A Call to Action: the Need for Standardization in Developing Open-Source Mass Spectrometry-Based Methods for Microbial Subspecies Discrimination.

EDITORIAL

In the last decade, there has been a renewed push by academic researchers to create rapid and accurate techniques to differentiate, identify, and prioritize culturable microbial isolates. One such technique that continues to gain momentum among microbiologists is matrix-assisted laser desorption–ionization time of flight mass spectrometry (MALDI-TOF MS). It is an established, inexpensive technique commonly used to rapidly identify microbial taxa and differentiate culturable microbes. This technology has become commonplace in clinical and veterinary laboratories where rigorously validated methods are used in conjunction with commercially available reference databases to identify pathogenic microorganisms. However, the broader community, especially laboratories working with environmental microbes, typically cannot access the expensive software and databases. It is our opinion that this community, which relies on free and open-source software, currently lacks a coherent set of accepted experimental practices, including employment of internal standard strains, statistically driven determination of biological and technical replicates, and deposition of MS data into open-access repositories. Establishing guidelines would enable researchers to better compare microbial typing methods and advance our ability to group and delineate environmental isolates in an effective manner, particularly at the subspecies level.

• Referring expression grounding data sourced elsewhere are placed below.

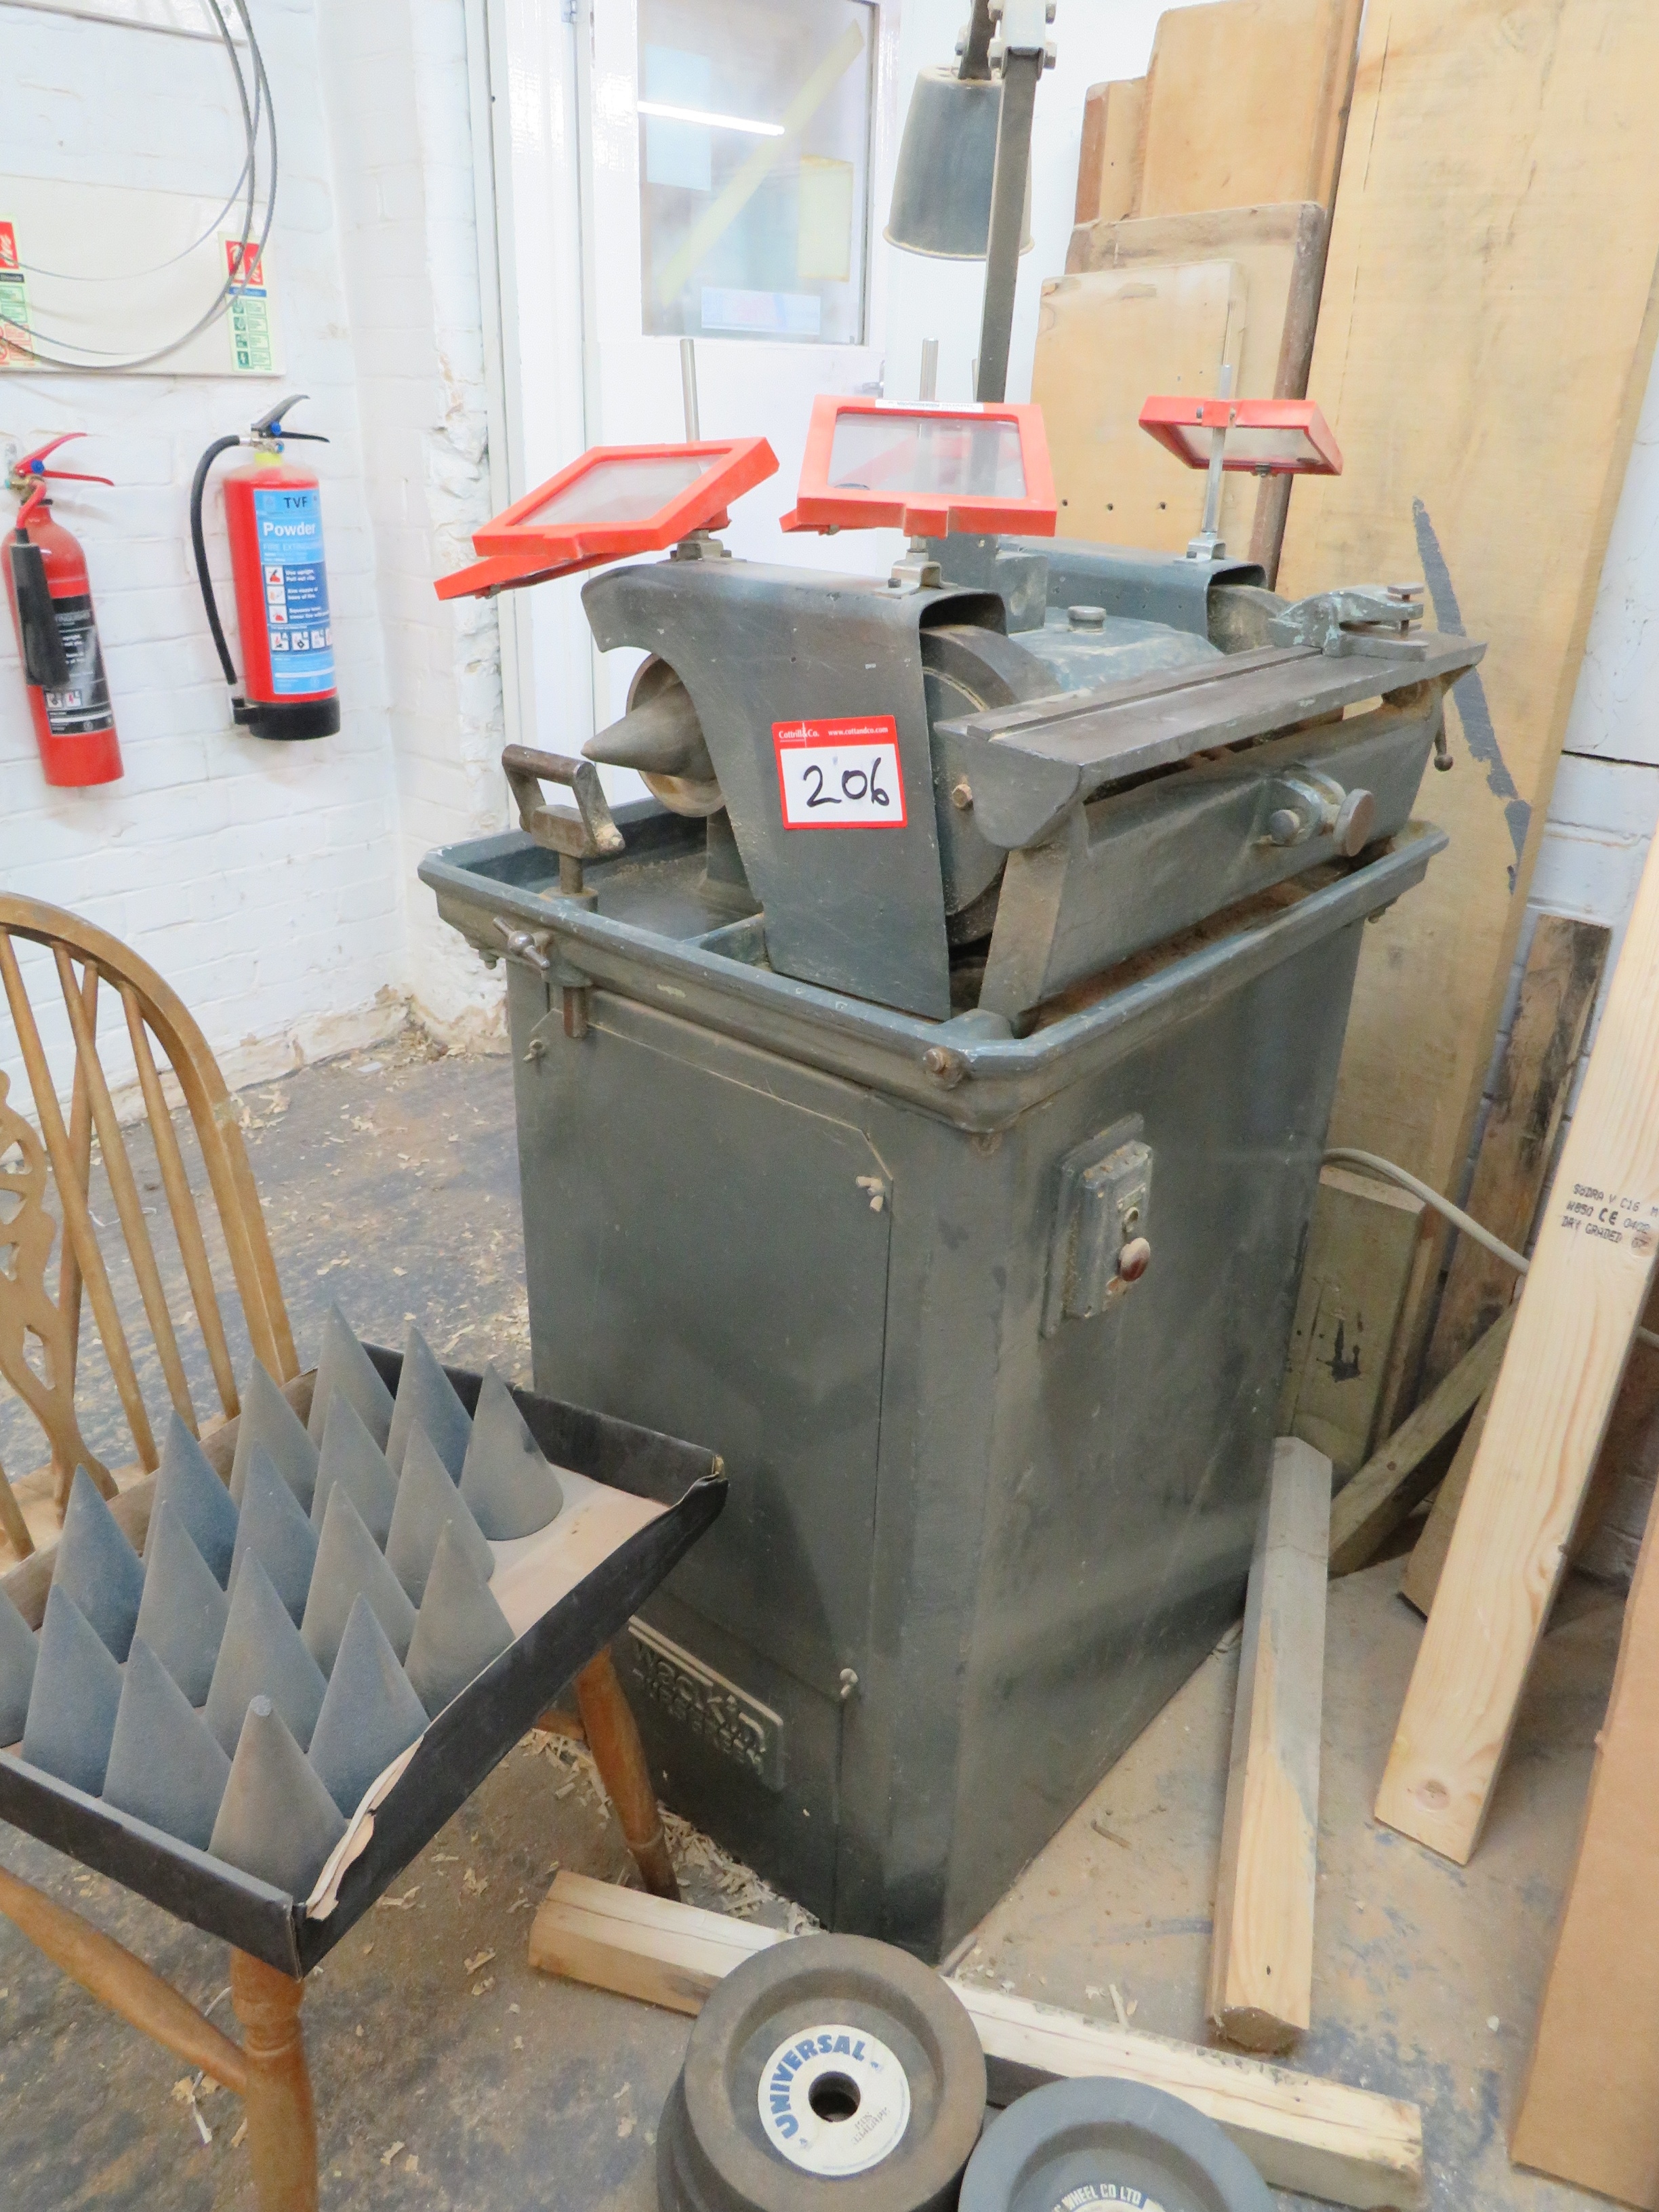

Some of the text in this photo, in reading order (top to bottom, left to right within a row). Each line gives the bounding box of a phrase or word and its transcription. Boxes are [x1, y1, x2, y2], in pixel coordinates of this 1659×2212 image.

[283, 496, 307, 508] TVF
[263, 521, 316, 537] Powder
[827, 726, 888, 737] www.cottandco.com
[802, 757, 890, 808] 206
[1620, 1197, 1641, 1212] C16
[1599, 1208, 1618, 1225] CE
[769, 2034, 866, 2139] UNIVERSAL
[1061, 2183, 1142, 2211] WHEEL CO LTD
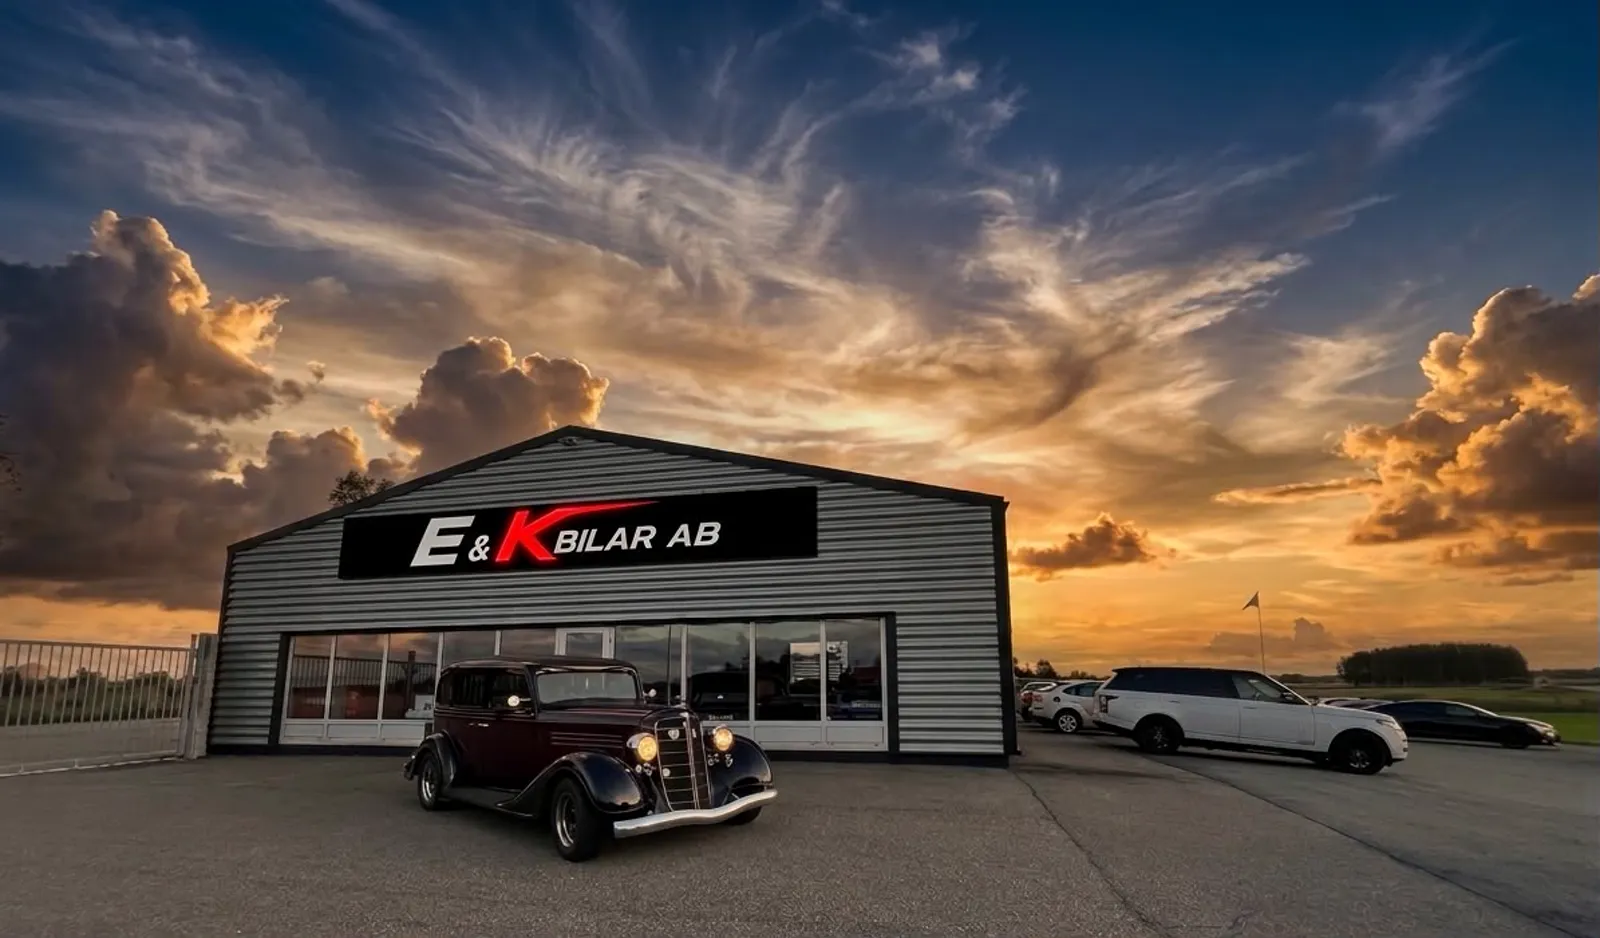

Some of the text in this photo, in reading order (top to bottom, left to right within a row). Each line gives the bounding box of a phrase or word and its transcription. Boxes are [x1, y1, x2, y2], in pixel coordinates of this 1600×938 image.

[410, 501, 721, 566] E & K BILAR AB
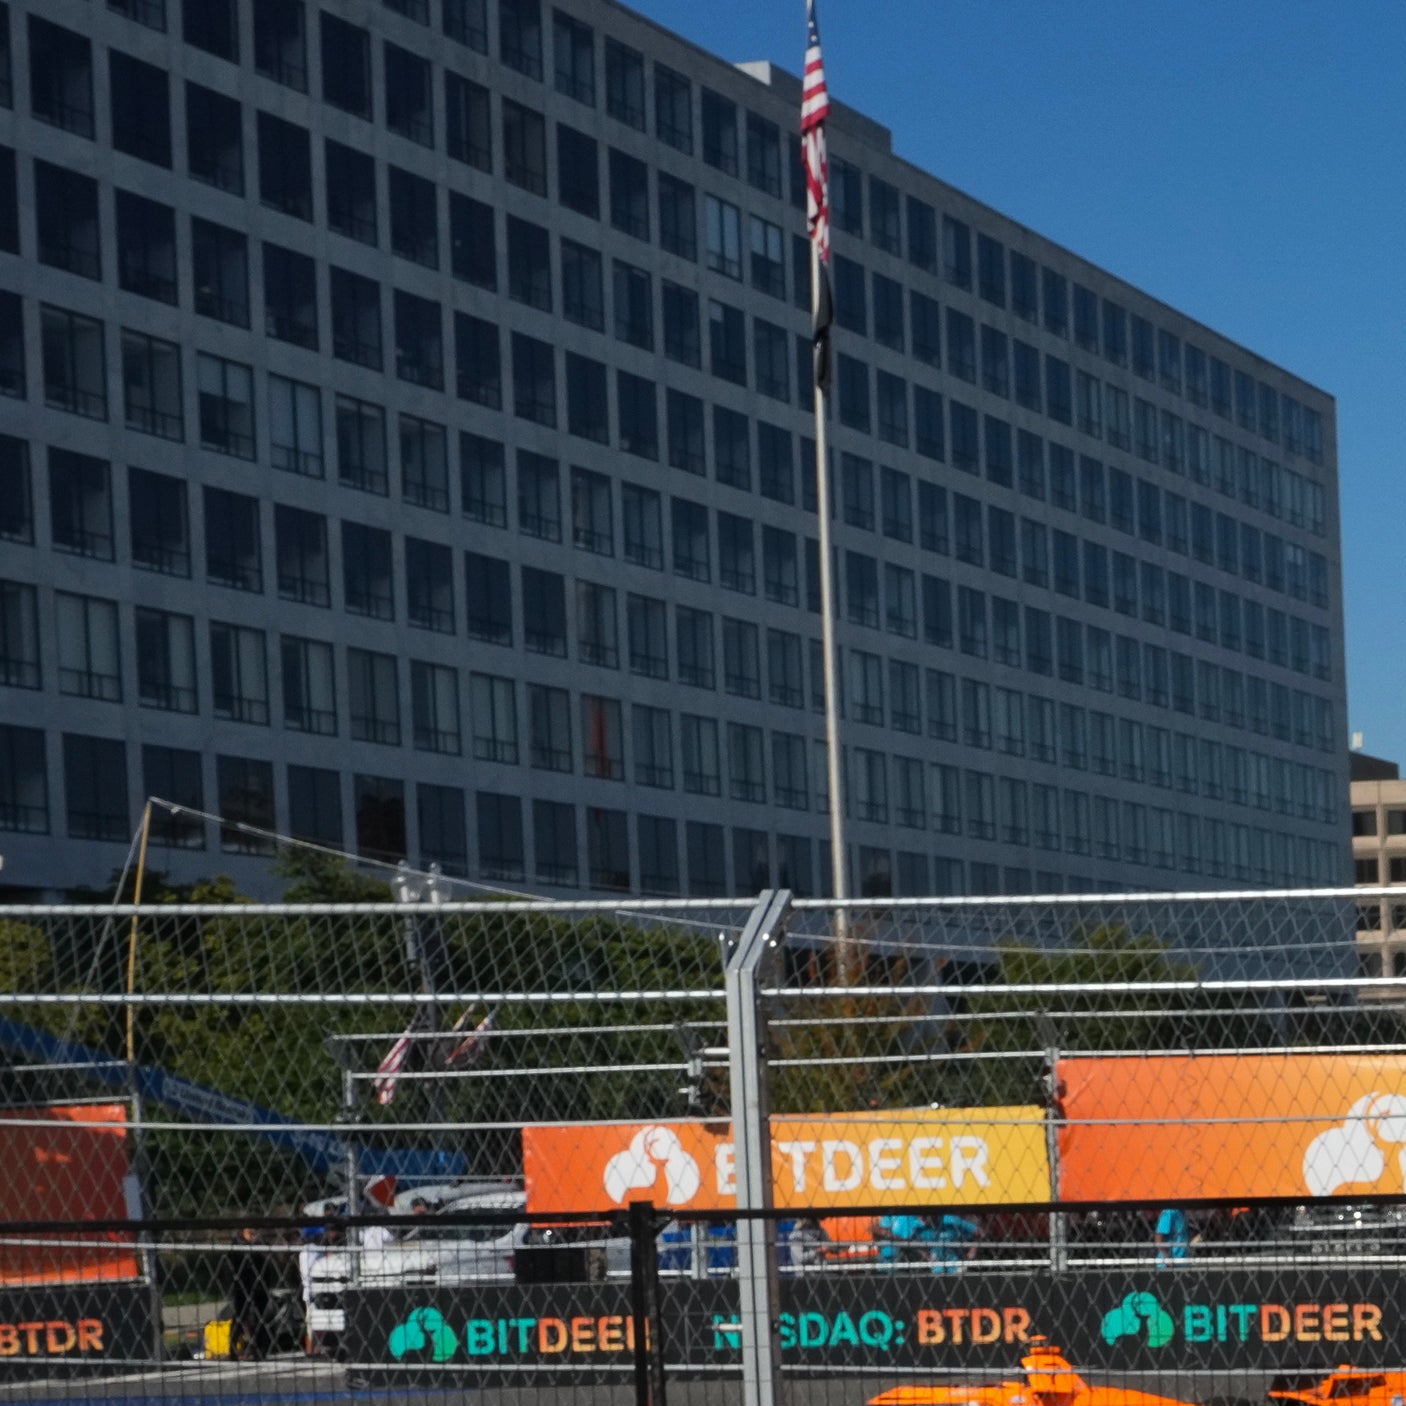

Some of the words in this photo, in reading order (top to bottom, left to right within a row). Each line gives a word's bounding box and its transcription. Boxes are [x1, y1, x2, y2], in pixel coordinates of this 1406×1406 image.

[715, 1135, 991, 1195] BTDEER
[0, 1318, 104, 1355] BTDR
[713, 1309, 905, 1350] NSDAQ:
[917, 1307, 1031, 1345] BTDR
[1184, 1303, 1383, 1342] BITDEER

Toward this end, we recommend that future studies should, at a minimum, employ the following guidelines. (i) When creating/validating methods, the reported accuracy/precision should be obtained using spectra from new biological replicates or closely related strains (“test data”) that were not used to determine the parameters of the method (“training and validation data”). Though often a challenge, test spectra should be acquired using a different instrument/laboratory than was used to acquire training spectra. (ii) In addition to reporting culture duration, MALDI matrix type, and other similar variables, published studies should report the experimental design of collected data, including biological and technical replication, randomization, and blocking (designed to account for sources of variation and confounding, such as sample location on the MALDI target plate, day of data collection, chemical/medium ingredient batches, etc.) (1). (iii) Published studies should make data available for public use in both raw and standard open format (e.g. mzML) (2) in a repository such as the Mass Spectrometry Interactive Virtual Environment data repository (MassIVE; https://massive.ucsd.edu) (3).

We strongly recommend that guidelines ii and iii be considered for all microbially based MALDI-TOF MS publications, not just method development studies. Also, in addition to the aforementioned guidelines, the microbiology community would benefit from standardized and validated benchmark data sets, analogous to the metagenomics CAMI data sets and standards (4). For benchmarking, we suggest following a pattern of logic similar to that of Vervier et al. (5) and hope to see further participation of corporations in creating open standards and data (6).

Lastly, we urge caution when benchmarking methods that were trained/validated on different data sets. Assertions such as “exceeding the taxonomic resolution of other methods” (7) must be made with caution, as there are many appropriate approaches to dereplicate/differentiate microorganisms using MALDI-TOF MS. While many methods continue to focus solely on protein m/z regions, we previously developed a freely available, open-source MALDI-TOF MS-based pipeline (IDBac) to group bacterial isolates by protein MS spectra (2 to 20 kDa) in addition to specialized metabolite MS spectra (<2 kDa), allowing us to achieve rapid and accurate subspecies dereplication of environmental microbial isolates (8–10). Therefore, when attempting to achieve subspecies resolution of isolates, we opine that it is advantageous to characterize microorganisms using as many orthogonal methods (metabolomics, genomics, proteomics) as possible. It is an exciting time for MALDI-TOF MS analytical and technical innovation, and in our opinion, we have only scratched the surface of its usefulness for both proteomics and metabolomics. Looking forward, establishing global reference data sets in addition to community standards for data analysis, data sharing, and method comparison will result in more accurate assessments of our ability to distinguish microbial strains at the subspecies level.